There's a story here about the fragility of global supply and production chains. Thailand accounts for one-third of global hard drive manufacturing. By offering extraordinarily friendly tax breaks and other incentives, Thailand managed to lure all of the world's largest hard drive manufacturers to set up shop in Thailand -- and in the process, continued a long-established trend in which U.S. and Japanese manufacturers seeking ever cheaper production costs keep leapfrogging from locale to locale. (Before Thailand became king of the hard drive hill, Singapore ruled the roost. But when Singapore's labor costs became too high, the machinery was simply shipped up north.)

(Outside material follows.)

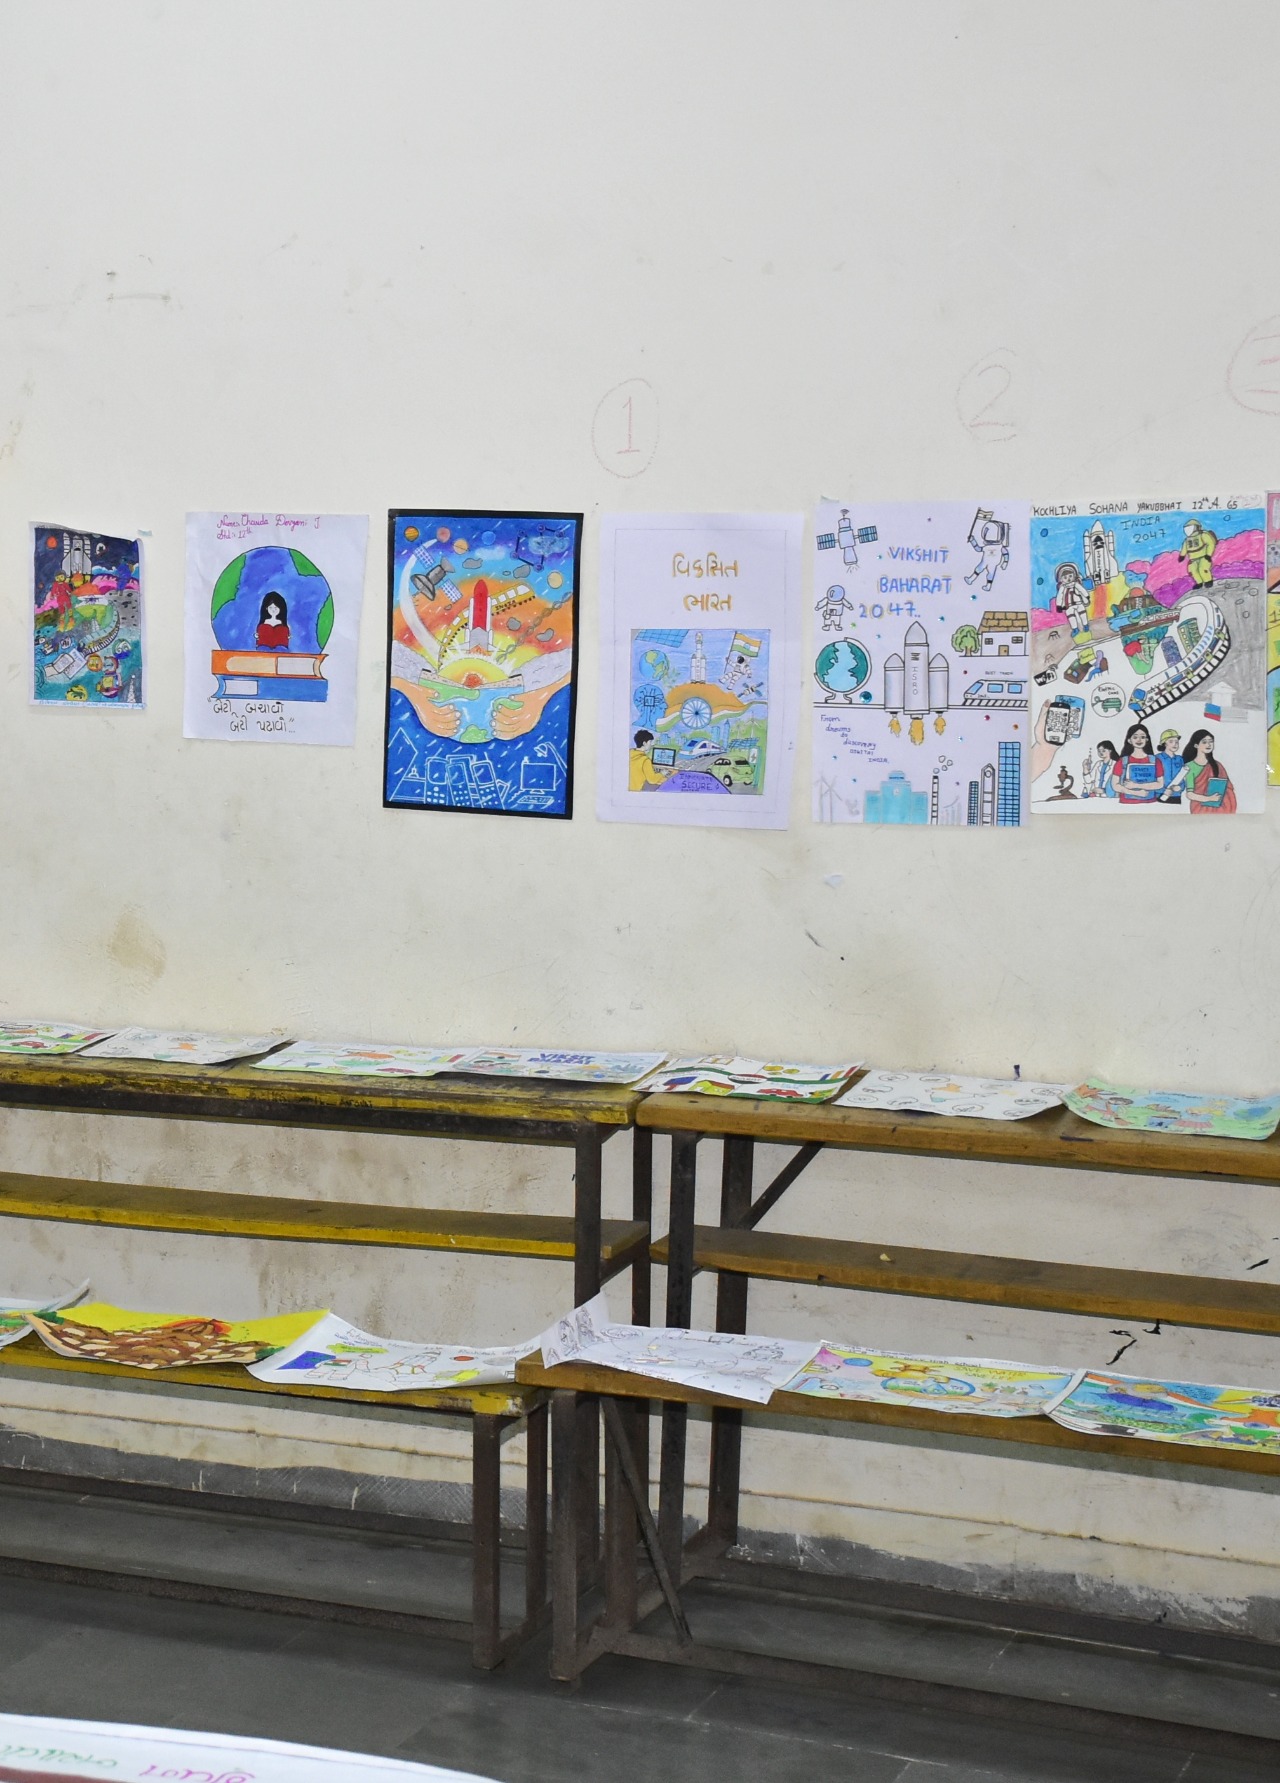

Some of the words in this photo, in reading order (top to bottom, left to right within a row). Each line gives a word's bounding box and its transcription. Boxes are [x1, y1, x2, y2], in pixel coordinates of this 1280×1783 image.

Ever since an earthquake in Taiwan in 1999 disrupted Dell's supply chain, it's been clear that the relentless search for flexibility, cheap labor coasts, and just-in-time manufacturing has a significant downside. Knock one link out of the chain, and the whole mechanism comes to a complete hall. We witnessed this on a huge scale when the Fukushima earthquake/tsunami/nuclear disaster disrupted all kinds of supply chains and slowed global economic growth. Thailand is just the latest case study.

But there's another story here about climate change. Thailand has long been prone to disastrous flooding. And one reason why the financial cost of the floods now ranks among the world's most costly disasters is that the low plains that used to absorb monsoon-delivered water have now been transformed into industrial complexes as a result of Thailand's canny participation in the global economy. So it's not completely correct to regard global warming as directly responsible for this catastrophe.

But the worst flooding in decades happens to be exactly what scientists have predicted will happen in Thailand as a result of rising temperatures. In the future we can expect even greater climate-related disruptions. So what happens when you mix a global economy built on fragile globe-spanning supply and production chains with increasing incidences of extreme weather events? You get chaos.

And then there's a third story here, a story that does turn out to be directly relevant to the U.S. economy. The growth of Thailand's hard drive industry is a reflection of some of the same trends that explain the disappearance of good middle-class jobs in the U.S. As explained eloquently by Edward Luce in today's Financial Times, anything that can be done by a computer or easily shipped offshore -- so-called tradable jobs -- is already gone.

In short, the middle-skilled jobs that once formed the ballast of the world’s wealthiest middle class are disappearing. They are being supplanted by relatively low-skilled (and low-paid) jobs that cannot be replaced either by new technology or by offshoring – such as home nursing and landscape gardening. Jobs are also being created for the highly skilled, notably in science, engineering and management....

The jobs crisis has many worrying manifestations, of which three are worth highlighting. Perhaps the most troublesome is the waning dynamism of the market. People used to describe the US labour market as Schumpeterian, after the Austrian neoclassical economist who depicted the cycle of “creative destruction”. Jobs might be lost rapidly in a downturn but were swiftly reallocated to more productive sectors when economic growth resumed. That is not now the case.

The monsoon season hit Thailand hard this year. In the wreckage left behind we see a global industrial complex that gets severe indigestion whenever Mother Nature acts up, and a U.S. economy that is less and less able to bounce back when disruptions occur.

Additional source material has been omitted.